X (formerly Twitter), Meta, and YouTube have all indicated they will decrease their moderation efforts regarding misinformation. In part this is probably because platforms have realized it’s really hard to do this well. Many of them fumbled the Hunter Biden laptop story, suppressing the NYPost’s original article that turned out to be totally real. The “Twitter files” should also cast doubt on platforms ability and willingness to be neutral and trustworthy.
At the same time, these platforms have an ongoing and increasingly adversarial relationship with news organizations, including various efforts to deprioritize news content on their sites. Many people have come to rely on social media as a news aggregator. Between reduced moderation and deprioritization of legitimate news content, there’s a major void that is being filled with trolls, trashy AI generated content, and other kinds of misinformation.
A report from Rest Of World this week highlighted a fairly predictable outcome of backing off moderation policies as X has done under Elon Musk’s leadership: scams become more prevalent. In this case, sextortion scams targeting prominent Chinese figures on the platform.
So here we are, stuck between platforms that can’t be trusted to moderate particularly well and the free-for-all of the internet that can’t be trusted at all.
Is it good news that OpenAI thinks ChatGPT will soon be able to moderate on social sites?
Teb’s Tidbits
Ben Evans write a thoughtful piece on the state of Generative AI and copyright.
I like the piece, but he gets something important wrong when he claims generative models never store the training data. Researchers have been able to prompt LLMs to produce exact replicas of lengthy passages from books, and Getty Images is currently suing Stability AI for their model that produced exact replicas of copy protected images. This implies that these systems do store training data, albeit in an obfuscated and compressed way within their internal parameters.
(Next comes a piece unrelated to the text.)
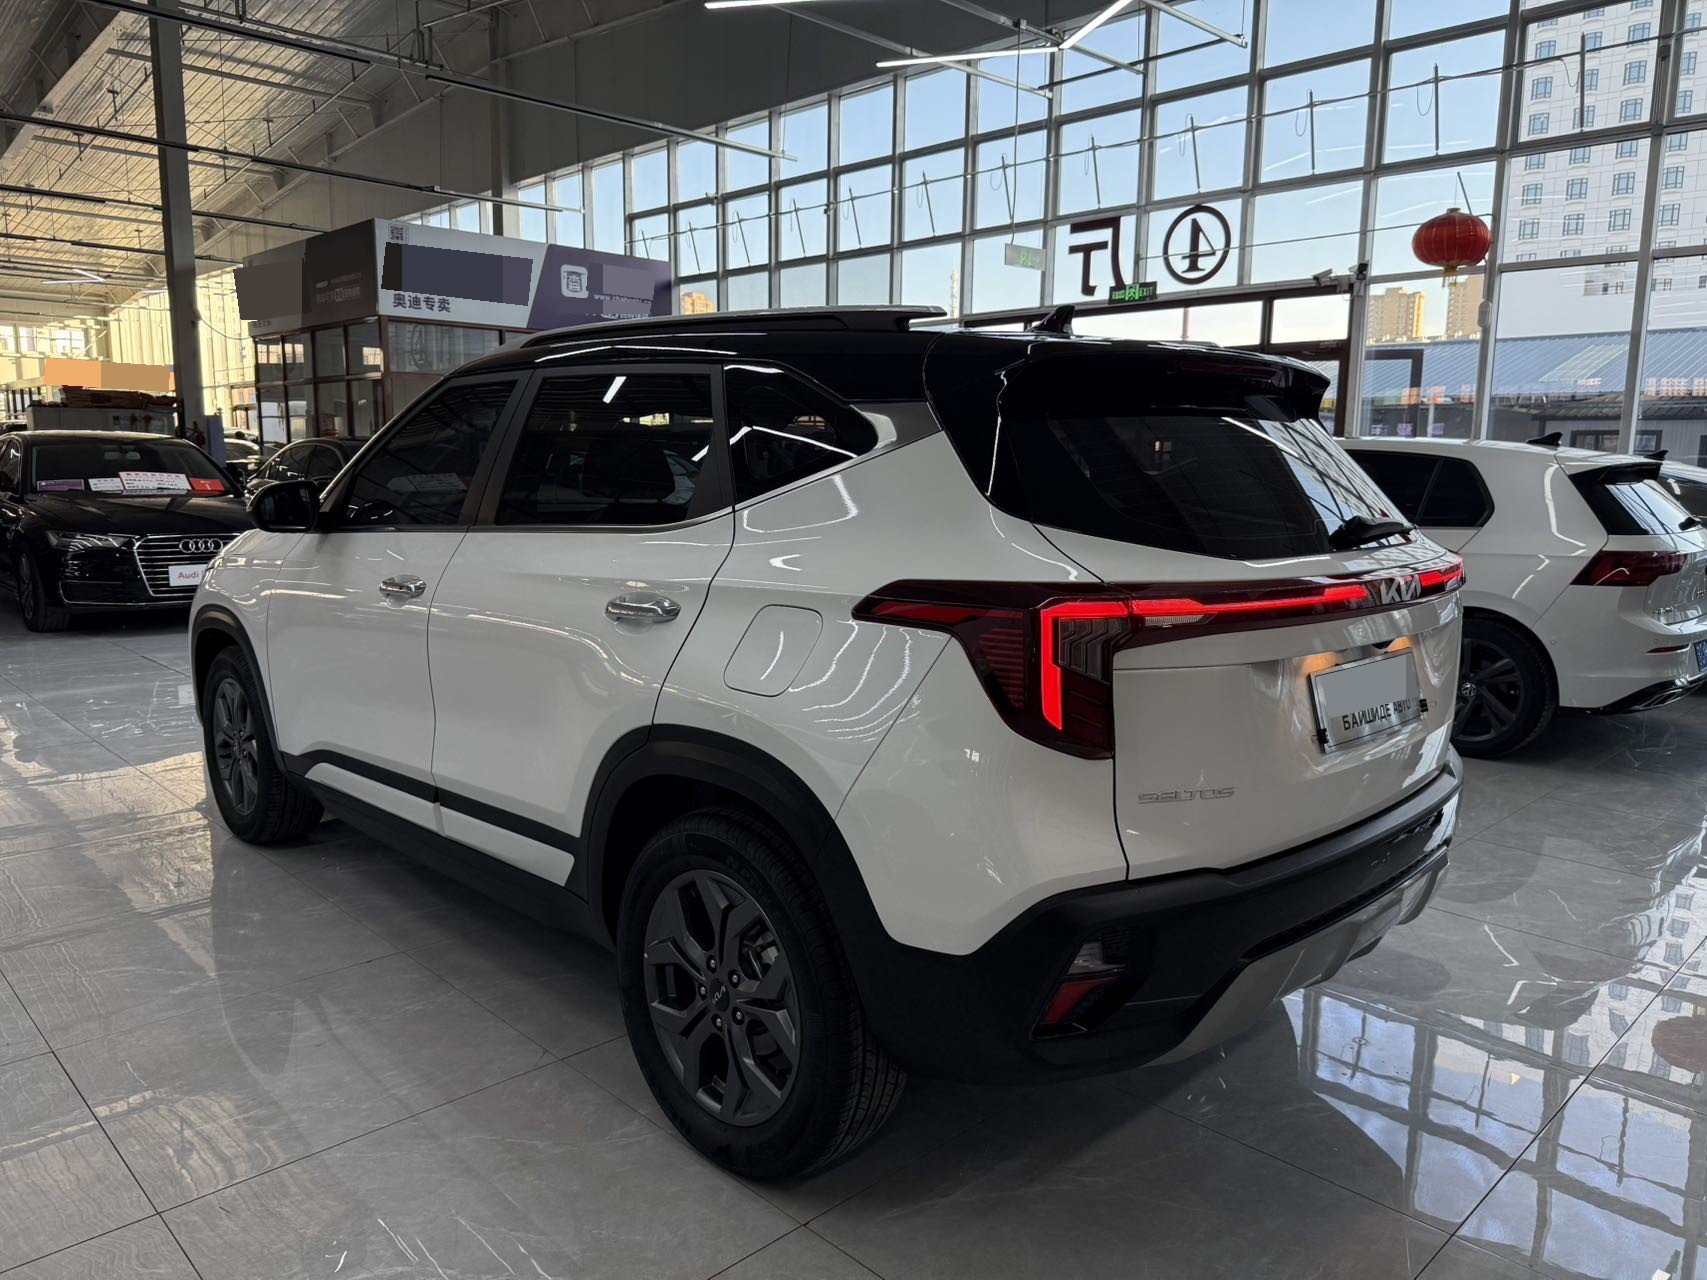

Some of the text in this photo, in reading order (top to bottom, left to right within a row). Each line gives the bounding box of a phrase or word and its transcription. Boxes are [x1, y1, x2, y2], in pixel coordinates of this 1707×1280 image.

[393, 293, 451, 313] 奥迪专卖
[178, 571, 200, 580] Audi
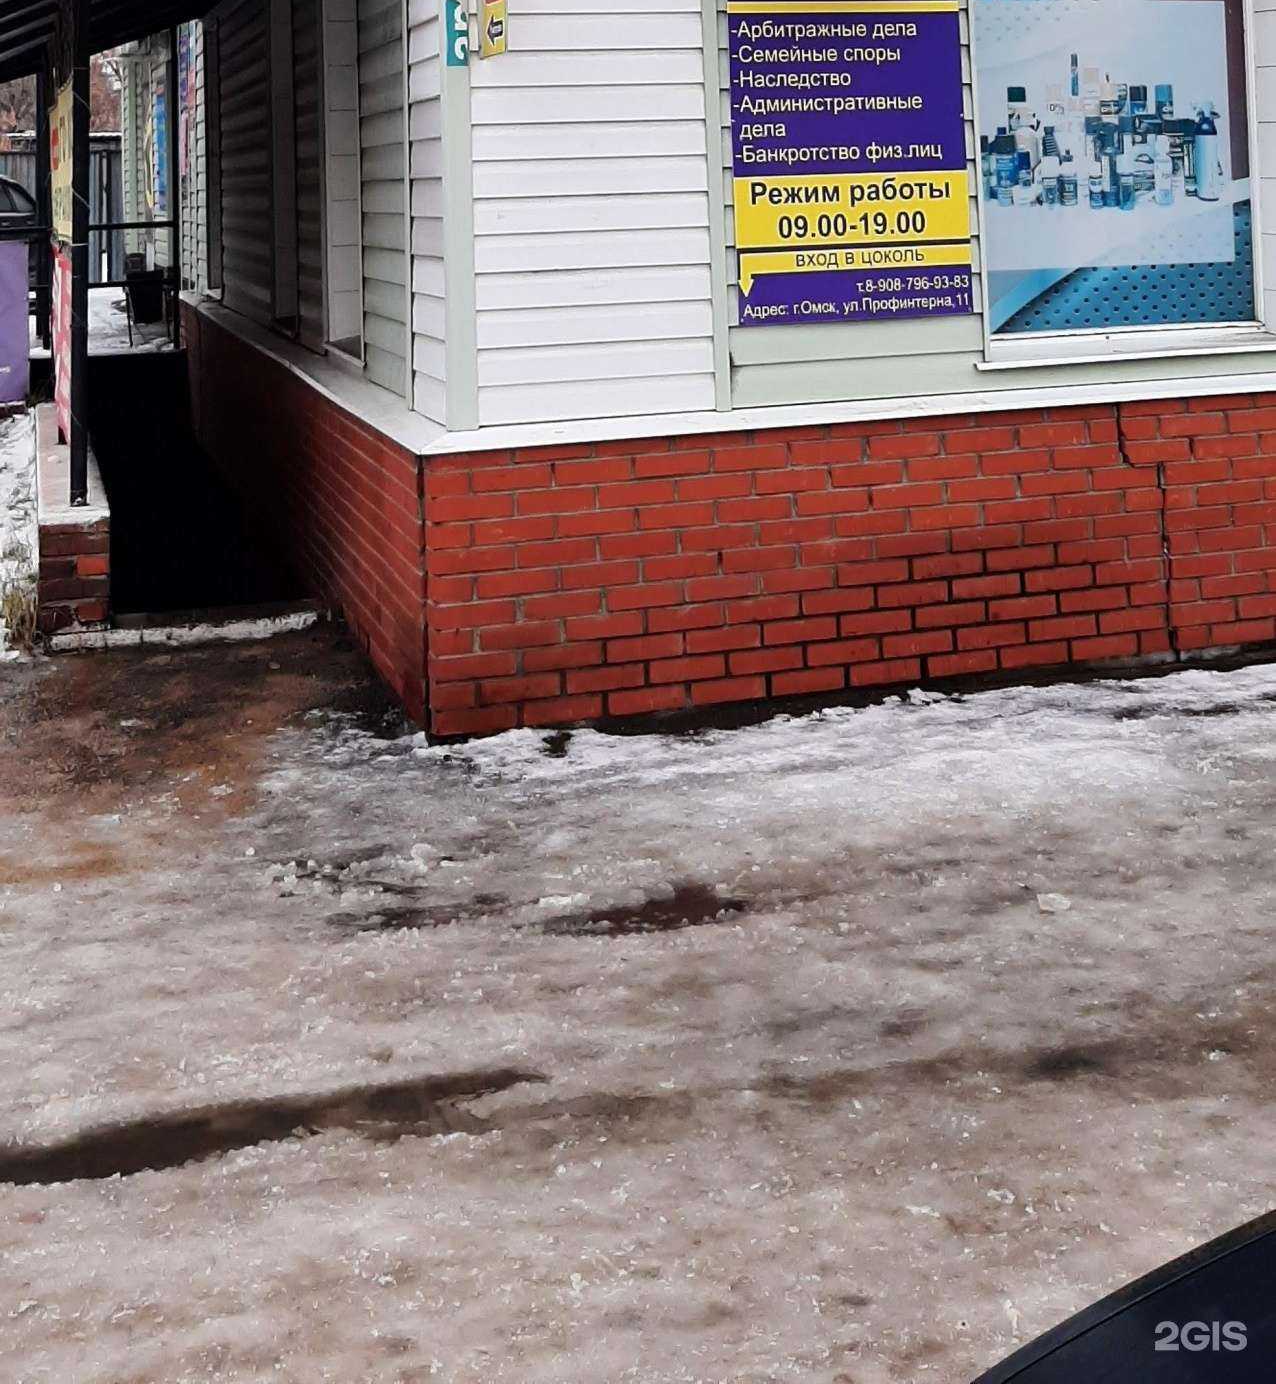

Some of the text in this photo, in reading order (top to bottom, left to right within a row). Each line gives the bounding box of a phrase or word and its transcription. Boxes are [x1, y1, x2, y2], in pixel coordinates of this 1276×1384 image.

This fact is important in the copyright discussion, since consumption by an ML system is not always “transformative” in the legal sense.
An argument that the UK’s recently unveiled plans to change their surveillance rules would violate international law.
Meta released Llama Code, an LLM designed specifically to write computer programs.
A fantastic and grounded risk assessment of self driving cars in IEEE Spectrum.
And a pleasant surprise: Apple has come out in favor of California’s Right to Repair Act.
Answers To The News Quiz
Accidentally capturing pieces of text that aren’t part of the article, such as advertisements, image captions, pull quotes, embedded links to other articles, etc.
High Risk: if the training data ends up with lots of incongruent articles with random advertising tidbits interspersed with the real text, this could definitely degrade model performance. Cleaning up the scraped text to remove these errors would be worth the hard work.
Pulling in native advertising content.
Low Risk: Native advertising is still a perfectly legitimate use of language even if it’s not particularly high-brow.
Pulling in articles that were themselves written by an LLM.
High Risk: It’s well established that training LLMs on text created by LLMs degrades model performance. Making matters worse current methods for discerning if a particular article is AI generated are not reliable at all.
Consuming articles with factual errors before they’ve been corrected.
Low Risk: LLM’s ‘hallucinate’ all the time, even if they’ve been trained exclusively on factually accurate data. LLM’s learn to recreate patterns in writing mostly related to word order, not specific facts from pieces of writing.
Incorporating copyright protected content into your training data.
Medium to High Risk: Depending on the outcome of some pending lawsuits this might end up being a very big risk or something that can be easily addressed with a license agreement, royalty scheme, or something similar.
Increased cost incurred from the actual process of scraping the data.
Low Risk: scraping is generally cheap and easy to perform.